Here then are six technologies -- five old, one new -- that have earned the dubious distinction of being the hype kings of their respective eras. Think about them the next time a sales team comes knocking on your door.

1. Artificial intelligenceEra: Late 1950s to present

The pitch: "Some day we will build a thinking machine. It will be a truly intelligent machine. One that can see and hear and speak. A machine that will be proud of us." -- Thinking Machines Corp., year unknown

Once upon a time, machines were going to do our thinking for us. And then, of course, they'd grow tired of doing humanity's bidding and exterminate us.

The good news?
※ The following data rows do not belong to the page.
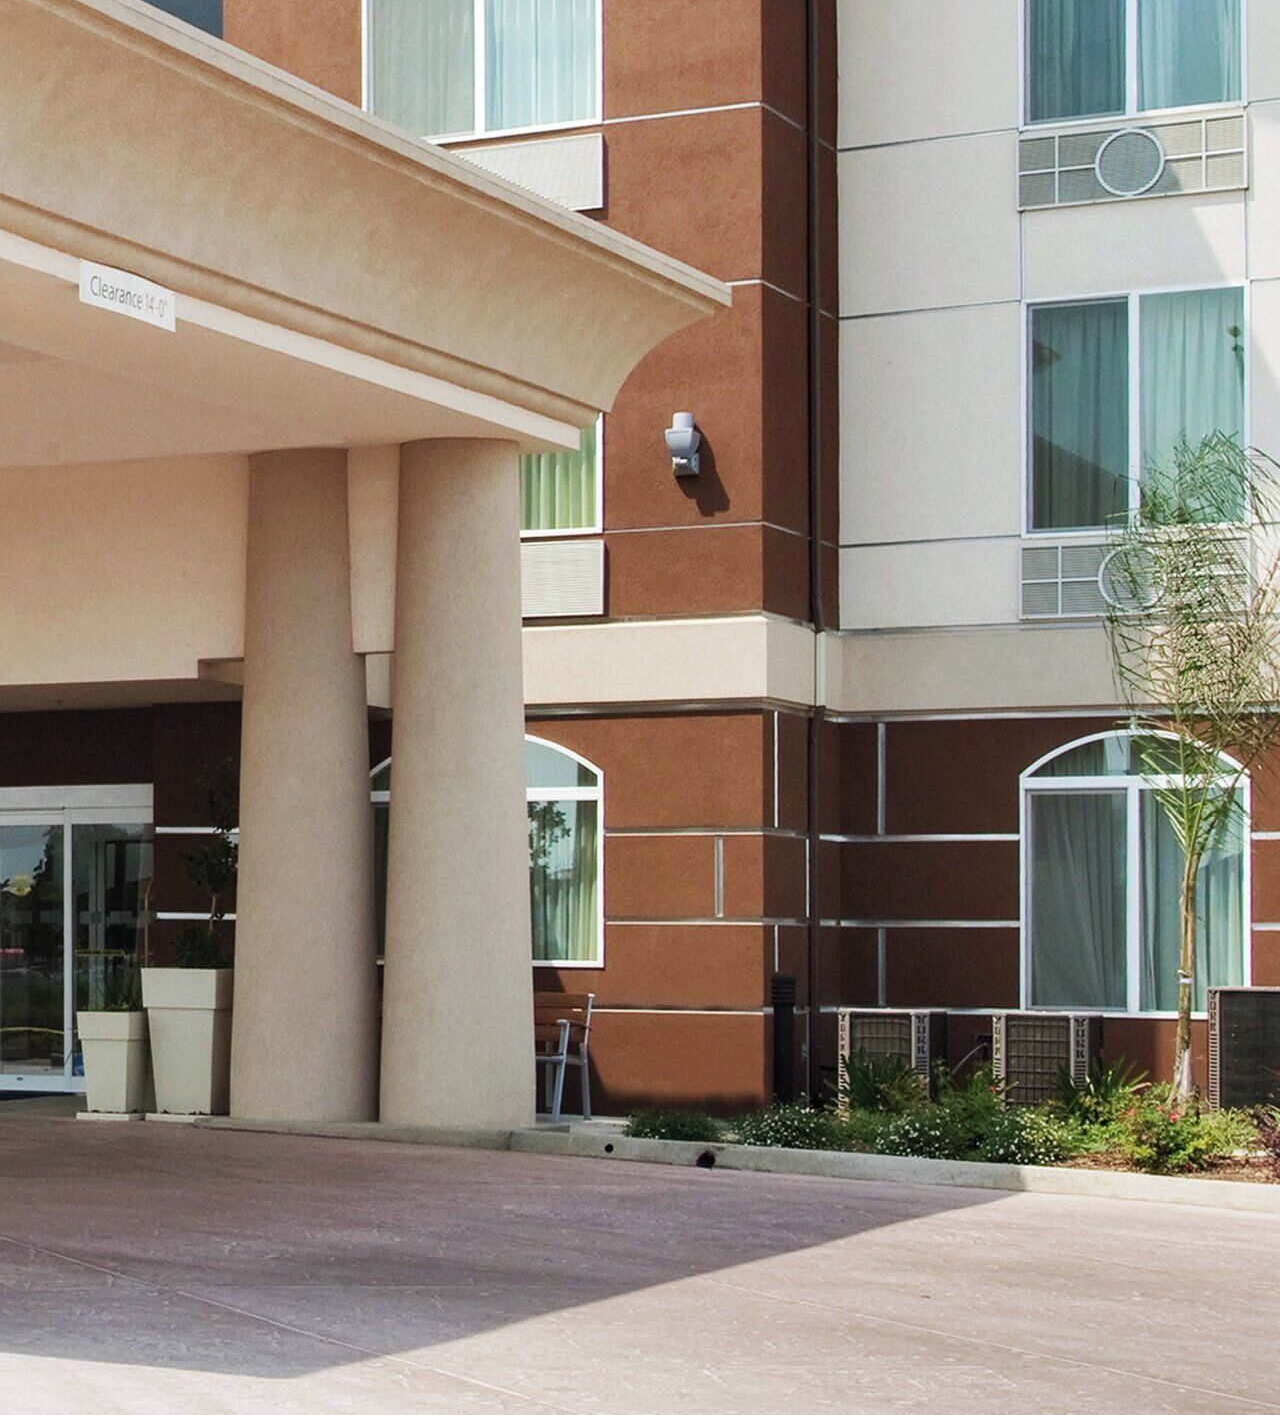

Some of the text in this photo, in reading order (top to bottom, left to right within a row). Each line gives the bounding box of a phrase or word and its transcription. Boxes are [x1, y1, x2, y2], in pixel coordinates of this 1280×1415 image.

[90, 275, 143, 310] Clearance
[915, 1015, 928, 1055] YORK
[1074, 1018, 1087, 1058] YORK
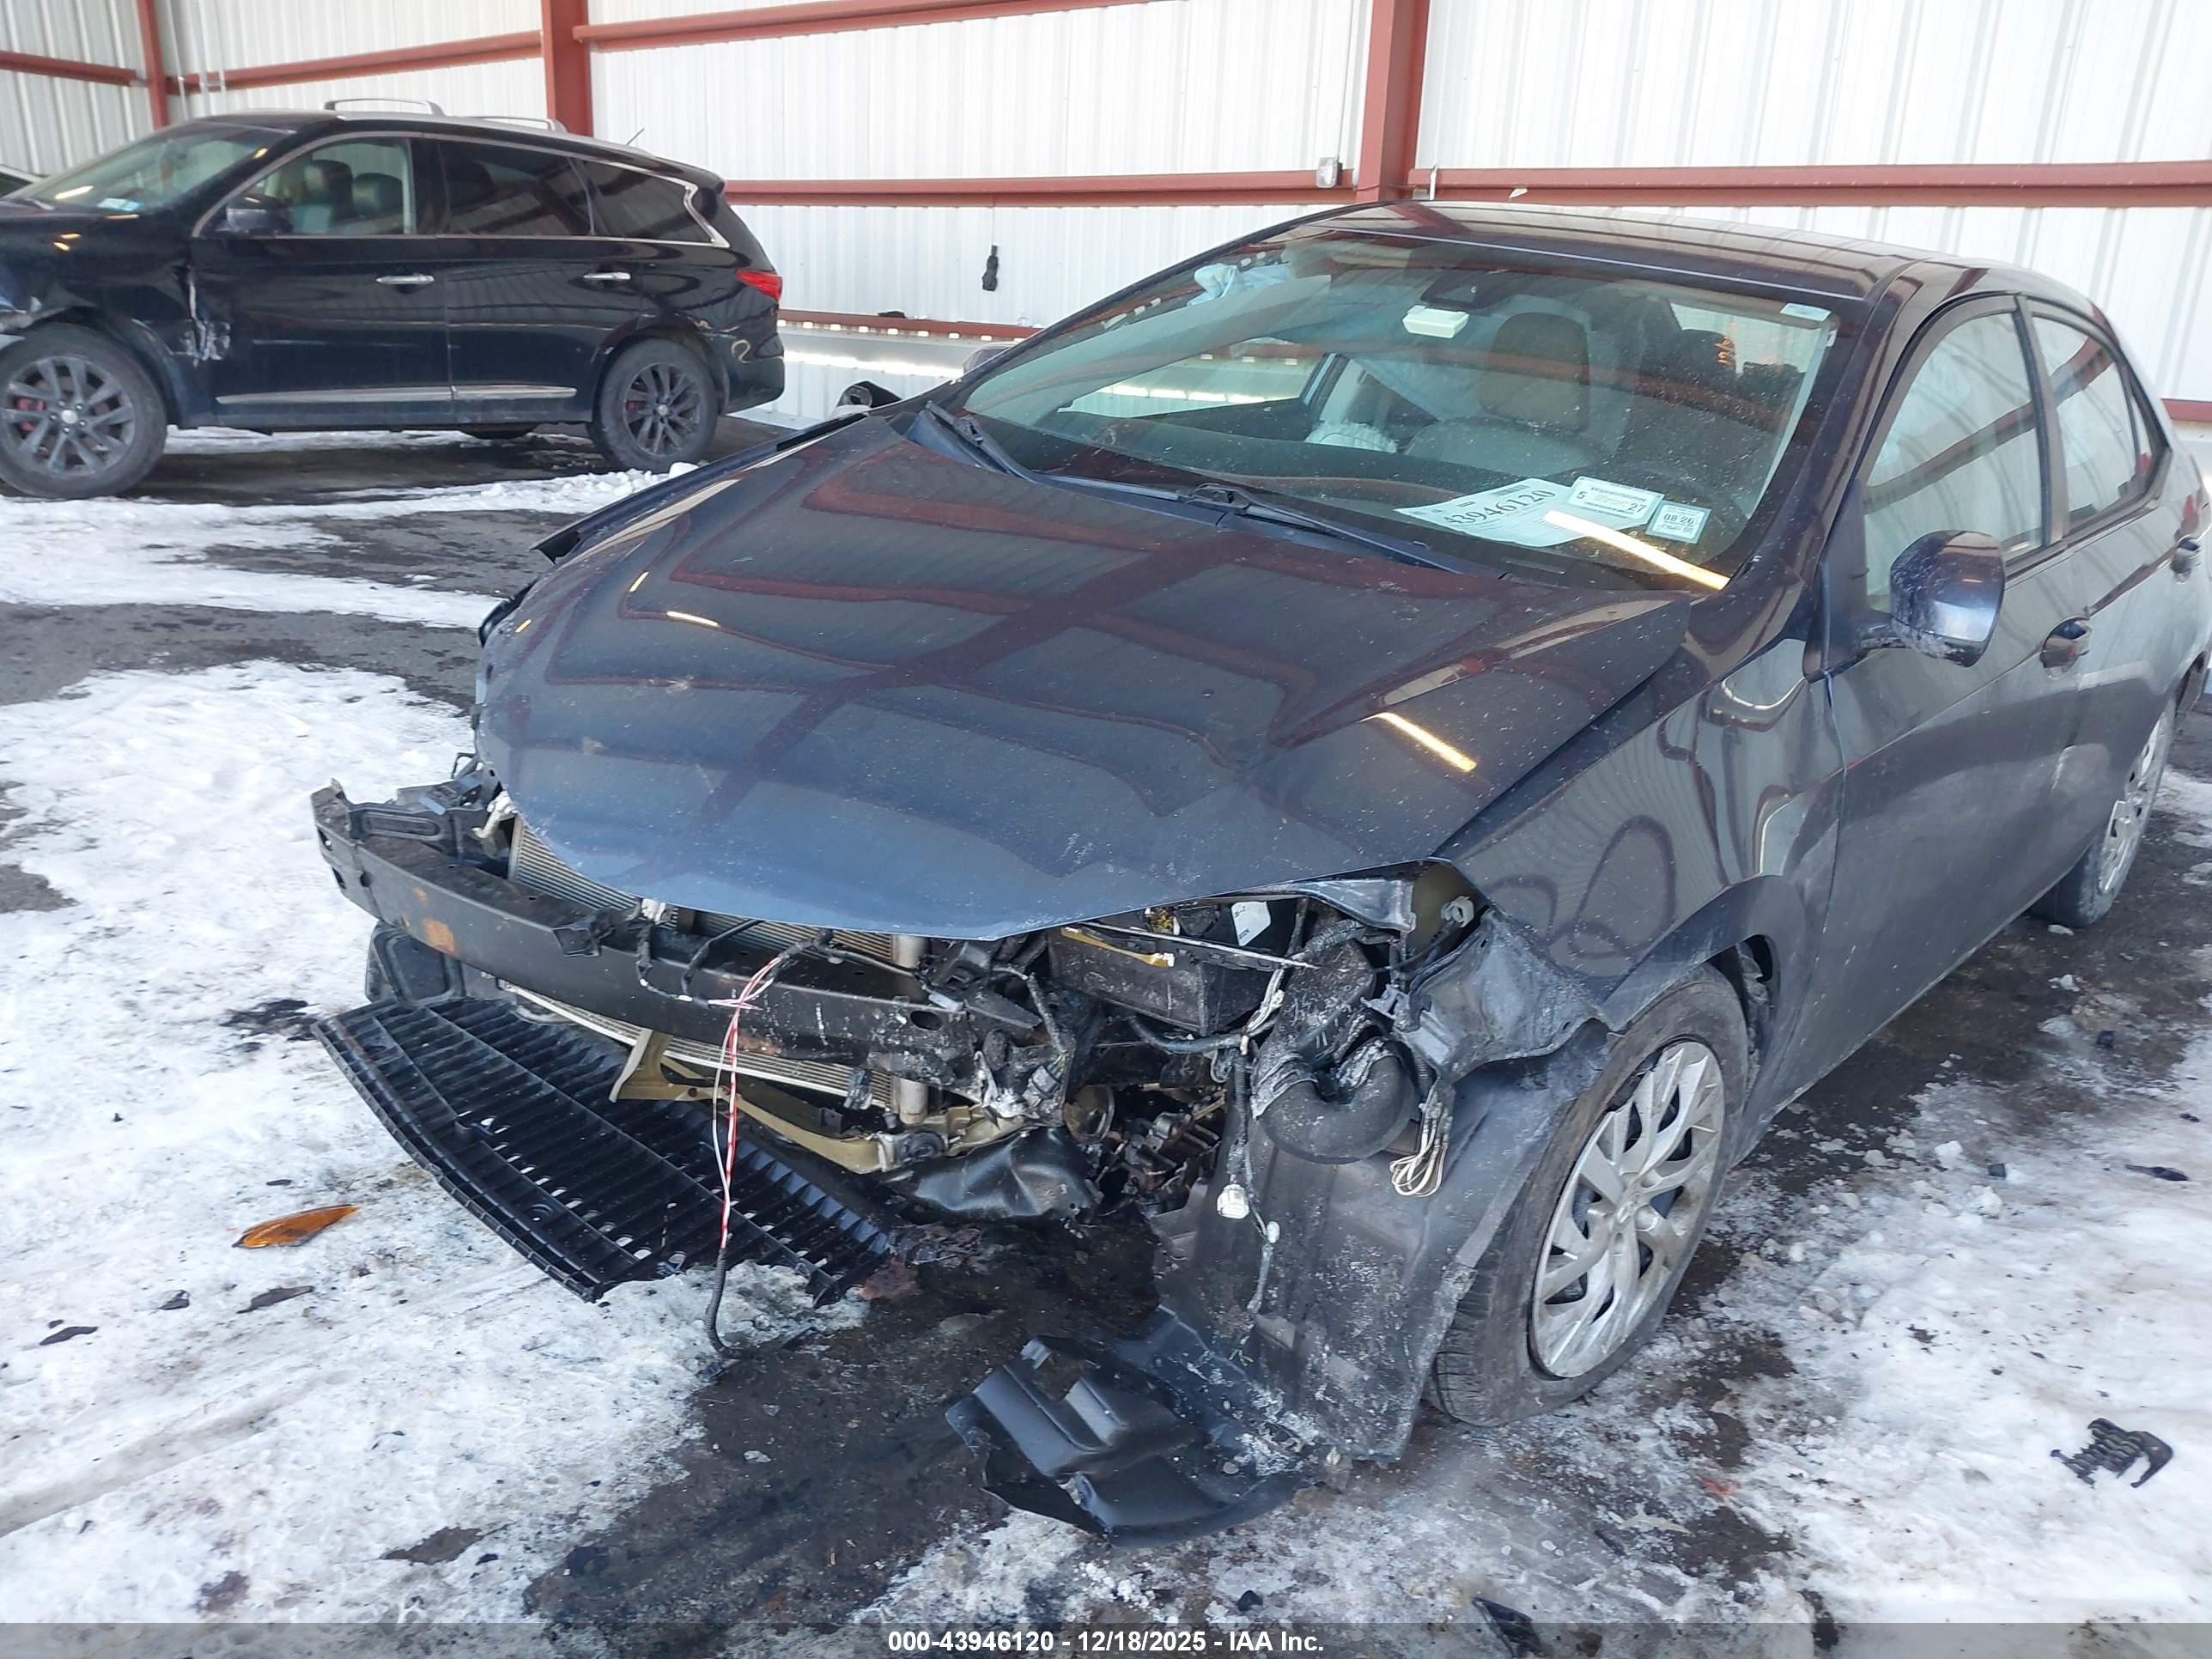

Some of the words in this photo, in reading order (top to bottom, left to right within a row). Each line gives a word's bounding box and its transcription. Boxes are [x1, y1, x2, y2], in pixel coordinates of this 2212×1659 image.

[1443, 489, 1556, 524] 43946120
[1577, 491, 1587, 500] 5
[1627, 502, 1649, 514] 27
[1663, 513, 1677, 522] 08
[1680, 515, 1697, 526] 26
We haven't been offed by the machines (yet). The bad news is that artificial intelligence has yet to fully deliver on its promises. Like, for example, in 1964, when researchers at the newly created Stanford Artificial Intelligence Lab assured the Pentagon that a truly intelligent machine was only about a decade away. Guess what? It's still at least 10 years away.

Several times in the decades since, companies have tried to build an industry around AI computers -- largely supported by government research dollars -- only to run headfirst into an "AI winter" when the funding dried up.
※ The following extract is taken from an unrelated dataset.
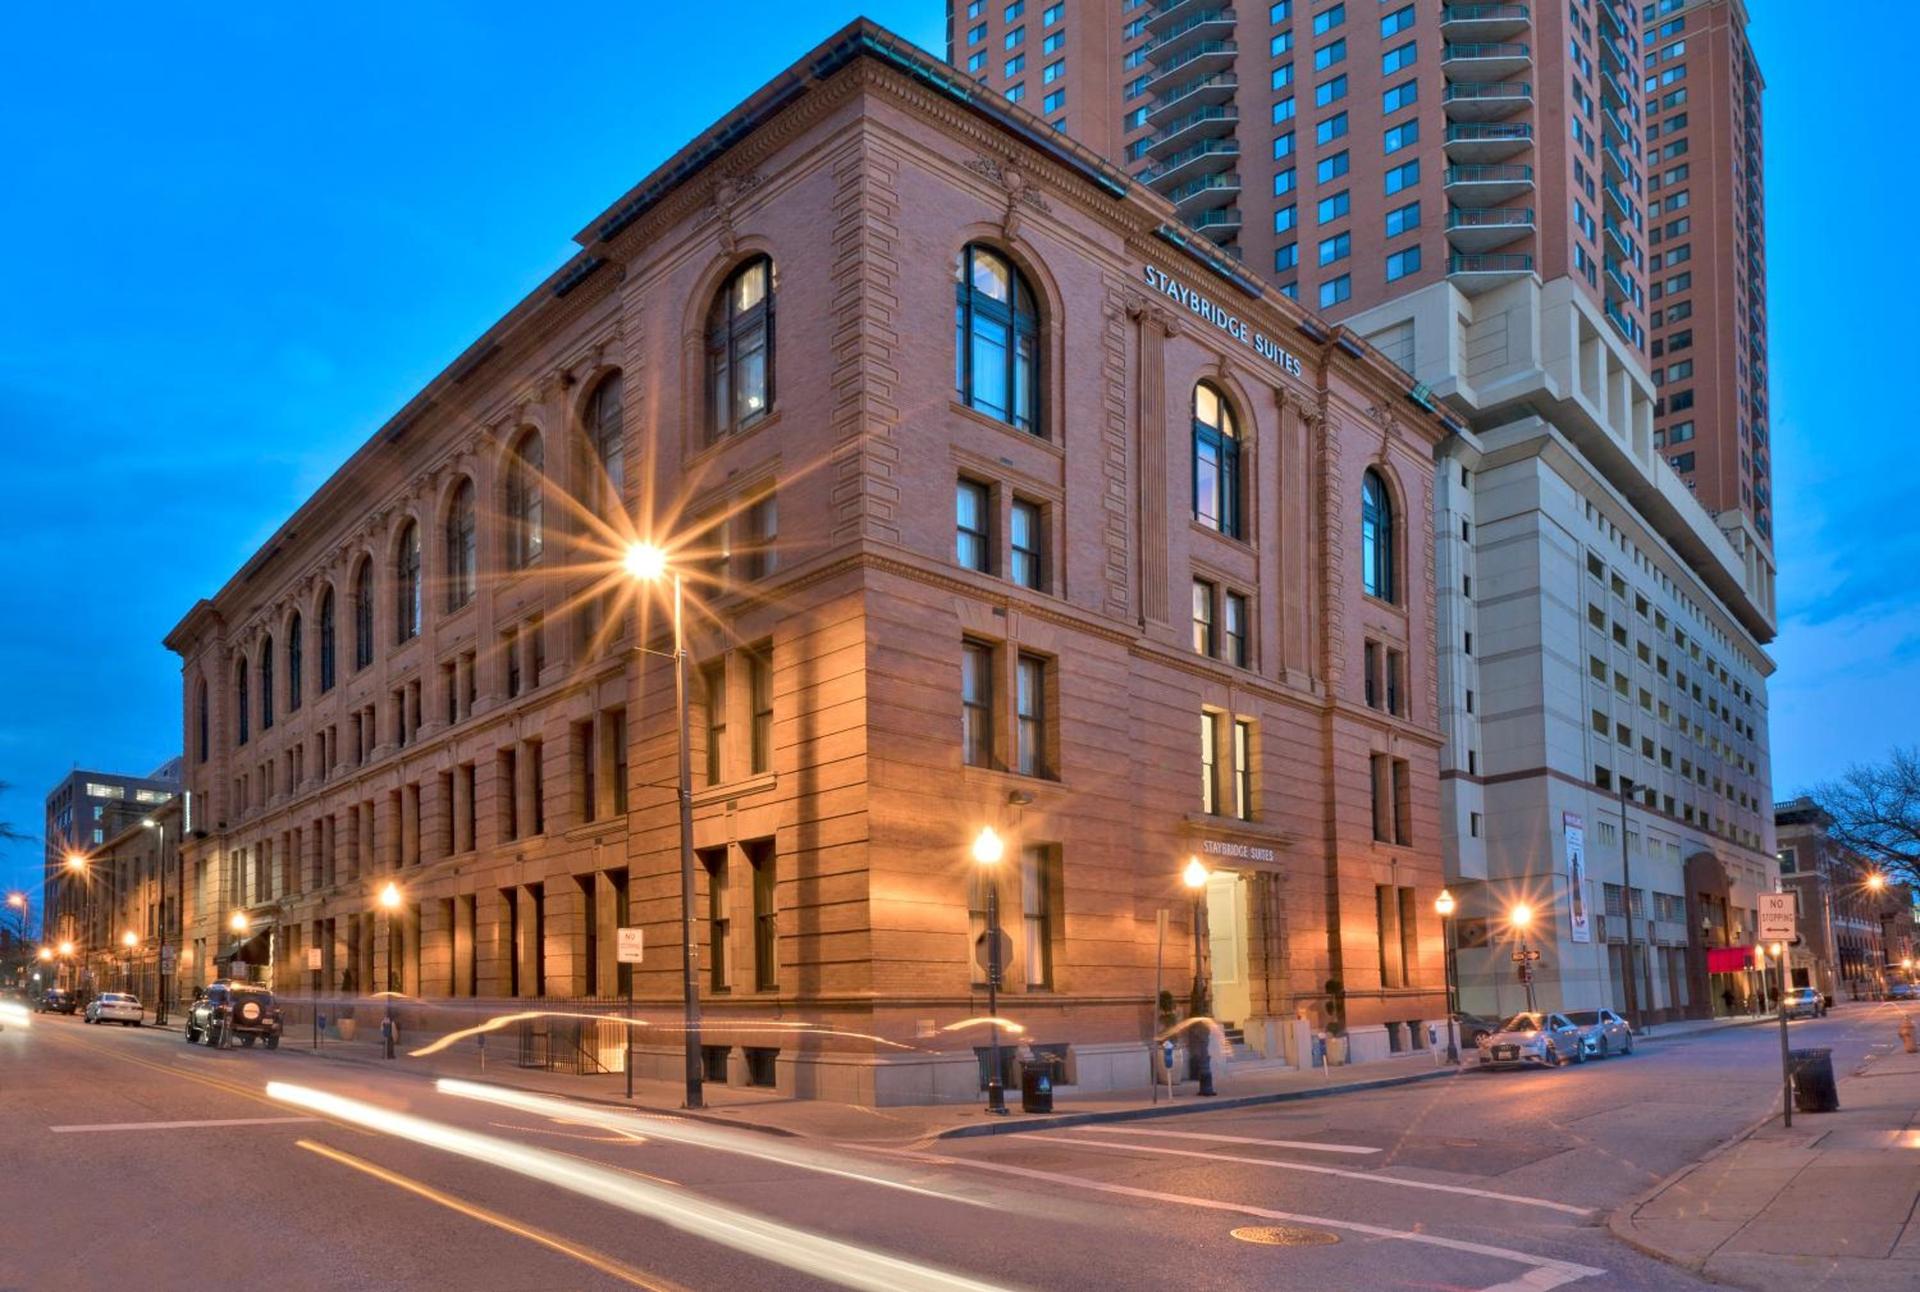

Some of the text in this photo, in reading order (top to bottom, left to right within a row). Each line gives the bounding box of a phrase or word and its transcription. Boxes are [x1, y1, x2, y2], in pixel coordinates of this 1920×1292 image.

"The longest failing technology has been AI and expert systems," says John Newton, CTO of Alfresco, an open source enterprise content management vendor. Newton began his tech career intent on studying AI, but ended up working with databases instead. "For 40 years, AI has not delivered."

Or maybe it has, but in subtler ways than the so-called thinking machines first envisioned when Stanford computer scientist John McCarthy coined the term "artificial intelligence" in 1956. Technologies that seem mundane to us now would have looked a lot like artificial intelligence 30 or 40 years ago, notes Doug Mow, senior VP of marketing at Virtusa, an IT systems consultancy.

The ability of your bank's financial software to detect potentially fraudulent activity on your accounts or alter your credit score when you miss a mortgage payment are just two of many common examples of AI at work, says Mow. Speech and handwriting recognition, business process management, data mining, and medical diagnostics -- they all owe a debt to AI.

Now AI is going through another resurgence. Backed by Google and NASA, AI research may provide the intelligence behind next-generation search engines and interplanetary travel systems. The next game-changing technologies could emerge not from MIT or Stanford but Ray Kurzweil's Singularity University, an institution dedicated to the convergence of machine and man. The hype continues to flow freely.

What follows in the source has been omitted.